PROBLEM STATEMENT.
Starting with the first line and ending with the last, copy the entries word for word.

RECORDS SUPPLIED.
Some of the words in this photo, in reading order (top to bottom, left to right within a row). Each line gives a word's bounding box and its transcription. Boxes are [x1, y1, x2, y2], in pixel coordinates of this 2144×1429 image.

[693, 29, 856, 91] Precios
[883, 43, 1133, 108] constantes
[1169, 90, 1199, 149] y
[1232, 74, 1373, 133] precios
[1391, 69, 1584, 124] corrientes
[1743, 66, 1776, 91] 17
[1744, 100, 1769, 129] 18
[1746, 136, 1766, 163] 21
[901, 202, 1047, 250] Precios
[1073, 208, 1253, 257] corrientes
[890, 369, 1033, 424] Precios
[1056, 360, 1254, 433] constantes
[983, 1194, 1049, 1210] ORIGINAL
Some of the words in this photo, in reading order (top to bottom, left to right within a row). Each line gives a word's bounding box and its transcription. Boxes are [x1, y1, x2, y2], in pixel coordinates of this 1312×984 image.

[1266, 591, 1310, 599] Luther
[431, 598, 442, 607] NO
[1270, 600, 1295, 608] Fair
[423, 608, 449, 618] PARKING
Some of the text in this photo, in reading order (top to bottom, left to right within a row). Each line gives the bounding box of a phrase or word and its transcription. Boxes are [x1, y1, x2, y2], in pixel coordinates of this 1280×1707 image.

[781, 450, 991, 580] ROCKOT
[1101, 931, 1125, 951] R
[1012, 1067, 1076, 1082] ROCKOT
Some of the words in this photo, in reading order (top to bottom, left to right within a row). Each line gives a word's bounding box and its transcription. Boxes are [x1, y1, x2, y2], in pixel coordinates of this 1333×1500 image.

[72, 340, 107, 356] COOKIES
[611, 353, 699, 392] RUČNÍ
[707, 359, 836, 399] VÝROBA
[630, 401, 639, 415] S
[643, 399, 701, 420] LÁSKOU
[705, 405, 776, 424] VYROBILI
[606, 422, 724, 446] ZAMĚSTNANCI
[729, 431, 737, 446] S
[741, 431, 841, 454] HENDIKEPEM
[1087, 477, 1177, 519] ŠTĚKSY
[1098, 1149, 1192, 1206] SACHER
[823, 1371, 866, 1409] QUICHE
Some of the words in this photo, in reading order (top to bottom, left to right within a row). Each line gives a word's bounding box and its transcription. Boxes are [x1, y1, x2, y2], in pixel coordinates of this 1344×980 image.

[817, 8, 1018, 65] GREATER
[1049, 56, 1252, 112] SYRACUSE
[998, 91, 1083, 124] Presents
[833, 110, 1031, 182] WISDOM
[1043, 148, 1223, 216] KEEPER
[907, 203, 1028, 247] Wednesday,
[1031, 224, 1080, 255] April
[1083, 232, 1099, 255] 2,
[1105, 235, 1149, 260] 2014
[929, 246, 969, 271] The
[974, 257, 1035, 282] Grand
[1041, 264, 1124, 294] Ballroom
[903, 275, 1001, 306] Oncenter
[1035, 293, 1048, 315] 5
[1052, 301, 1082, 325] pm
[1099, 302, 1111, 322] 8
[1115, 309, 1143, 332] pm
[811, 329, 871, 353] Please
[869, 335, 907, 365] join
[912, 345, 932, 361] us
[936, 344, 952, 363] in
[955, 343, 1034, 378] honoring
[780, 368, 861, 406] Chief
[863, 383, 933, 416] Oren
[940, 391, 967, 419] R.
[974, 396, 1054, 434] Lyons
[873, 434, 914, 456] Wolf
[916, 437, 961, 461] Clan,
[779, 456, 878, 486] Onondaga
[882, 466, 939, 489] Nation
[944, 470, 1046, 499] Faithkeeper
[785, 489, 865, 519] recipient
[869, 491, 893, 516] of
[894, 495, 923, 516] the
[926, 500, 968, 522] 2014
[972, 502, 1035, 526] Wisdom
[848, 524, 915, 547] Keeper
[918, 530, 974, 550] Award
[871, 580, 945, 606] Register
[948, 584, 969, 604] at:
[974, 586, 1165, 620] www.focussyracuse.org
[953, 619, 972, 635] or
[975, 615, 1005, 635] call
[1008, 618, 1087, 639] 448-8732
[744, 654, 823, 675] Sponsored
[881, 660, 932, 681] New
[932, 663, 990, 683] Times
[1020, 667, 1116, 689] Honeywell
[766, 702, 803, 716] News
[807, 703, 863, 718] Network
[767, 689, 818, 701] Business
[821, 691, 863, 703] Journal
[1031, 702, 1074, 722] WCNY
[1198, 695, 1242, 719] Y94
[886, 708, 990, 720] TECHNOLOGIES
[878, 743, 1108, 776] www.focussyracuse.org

YOUR SOLUTION.
Some of the words in this photo, in reading order (top to bottom, left to right within a row). Each line gives a word's bounding box and its transcription. Boxes are [x1, y1, x2, y2], in pixel coordinates of this 2144×1429 image.

[693, 29, 856, 91] Precios
[883, 43, 1133, 108] constantes
[1169, 90, 1199, 149] y
[1232, 74, 1373, 133] precios
[1391, 69, 1584, 124] corrientes
[1743, 66, 1776, 91] 17
[1744, 100, 1769, 129] 18
[1746, 136, 1766, 163] 21
[901, 202, 1047, 250] Precios
[1073, 208, 1253, 257] corrientes
[890, 369, 1033, 424] Precios
[1056, 360, 1254, 433] constantes
[983, 1194, 1049, 1210] ORIGINAL
Some of the words in this photo, in reading order (top to bottom, left to right within a row). Each line gives a word's bounding box and its transcription. Boxes are [x1, y1, x2, y2], in pixel coordinates of this 1312×984 image.

[1266, 591, 1310, 599] Luther
[431, 598, 442, 607] NO
[1270, 600, 1295, 608] Fair
[423, 608, 449, 618] PARKING
Some of the text in this photo, in reading order (top to bottom, left to right within a row). Each line gives the bounding box of a phrase or word and its transcription. Boxes are [x1, y1, x2, y2], in pixel coordinates of this 1280×1707 image.

[781, 450, 991, 580] ROCKOT
[1101, 931, 1125, 951] R
[1012, 1067, 1076, 1082] ROCKOT
Some of the words in this photo, in reading order (top to bottom, left to right within a row). Each line gives a word's bounding box and its transcription. Boxes are [x1, y1, x2, y2], in pixel coordinates of this 1333×1500 image.

[72, 340, 107, 356] COOKIES
[611, 353, 699, 392] RUČNÍ
[707, 359, 836, 399] VÝROBA
[630, 401, 639, 415] S
[643, 399, 701, 420] LÁSKOU
[705, 405, 776, 424] VYROBILI
[606, 422, 724, 446] ZAMĚSTNANCI
[729, 431, 737, 446] S
[741, 431, 841, 454] HENDIKEPEM
[1087, 477, 1177, 519] ŠTĚKSY
[1098, 1149, 1192, 1206] SACHER
[823, 1371, 866, 1409] QUICHE
Some of the words in this photo, in reading order (top to bottom, left to right within a row). Each line gives a word's bounding box and its transcription. Boxes are [x1, y1, x2, y2], in pixel coordinates of this 1344×980 image.

[817, 8, 1018, 65] GREATER
[1049, 56, 1252, 112] SYRACUSE
[998, 91, 1083, 124] Presents
[833, 110, 1031, 182] WISDOM
[1043, 148, 1223, 216] KEEPER
[907, 203, 1028, 247] Wednesday,
[1031, 224, 1080, 255] April
[1083, 232, 1099, 255] 2,
[1105, 235, 1149, 260] 2014
[929, 246, 969, 271] The
[974, 257, 1035, 282] Grand
[1041, 264, 1124, 294] Ballroom
[903, 275, 1001, 306] Oncenter
[1035, 293, 1048, 315] 5
[1052, 301, 1082, 325] pm
[1099, 302, 1111, 322] 8
[1115, 309, 1143, 332] pm
[811, 329, 871, 353] Please
[869, 335, 907, 365] join
[912, 345, 932, 361] us
[936, 344, 952, 363] in
[955, 343, 1034, 378] honoring
[780, 368, 861, 406] Chief
[863, 383, 933, 416] Oren
[940, 391, 967, 419] R.
[974, 396, 1054, 434] Lyons
[873, 434, 914, 456] Wolf
[916, 437, 961, 461] Clan,
[779, 456, 878, 486] Onondaga
[882, 466, 939, 489] Nation
[944, 470, 1046, 499] Faithkeeper
[785, 489, 865, 519] recipient
[869, 491, 893, 516] of
[894, 495, 923, 516] the
[926, 500, 968, 522] 2014
[972, 502, 1035, 526] Wisdom
[848, 524, 915, 547] Keeper
[918, 530, 974, 550] Award
[871, 580, 945, 606] Register
[948, 584, 969, 604] at:
[974, 586, 1165, 620] www.focussyracuse.org
[953, 619, 972, 635] or
[975, 615, 1005, 635] call
[1008, 618, 1087, 639] 448-8732
[744, 654, 823, 675] Sponsored
[881, 660, 932, 681] New
[932, 663, 990, 683] Times
[1020, 667, 1116, 689] Honeywell
[766, 702, 803, 716] News
[807, 703, 863, 718] Network
[767, 689, 818, 701] Business
[821, 691, 863, 703] Journal
[1031, 702, 1074, 722] WCNY
[1198, 695, 1242, 719] Y94
[886, 708, 990, 720] TECHNOLOGIES
[878, 743, 1108, 776] www.focussyracuse.org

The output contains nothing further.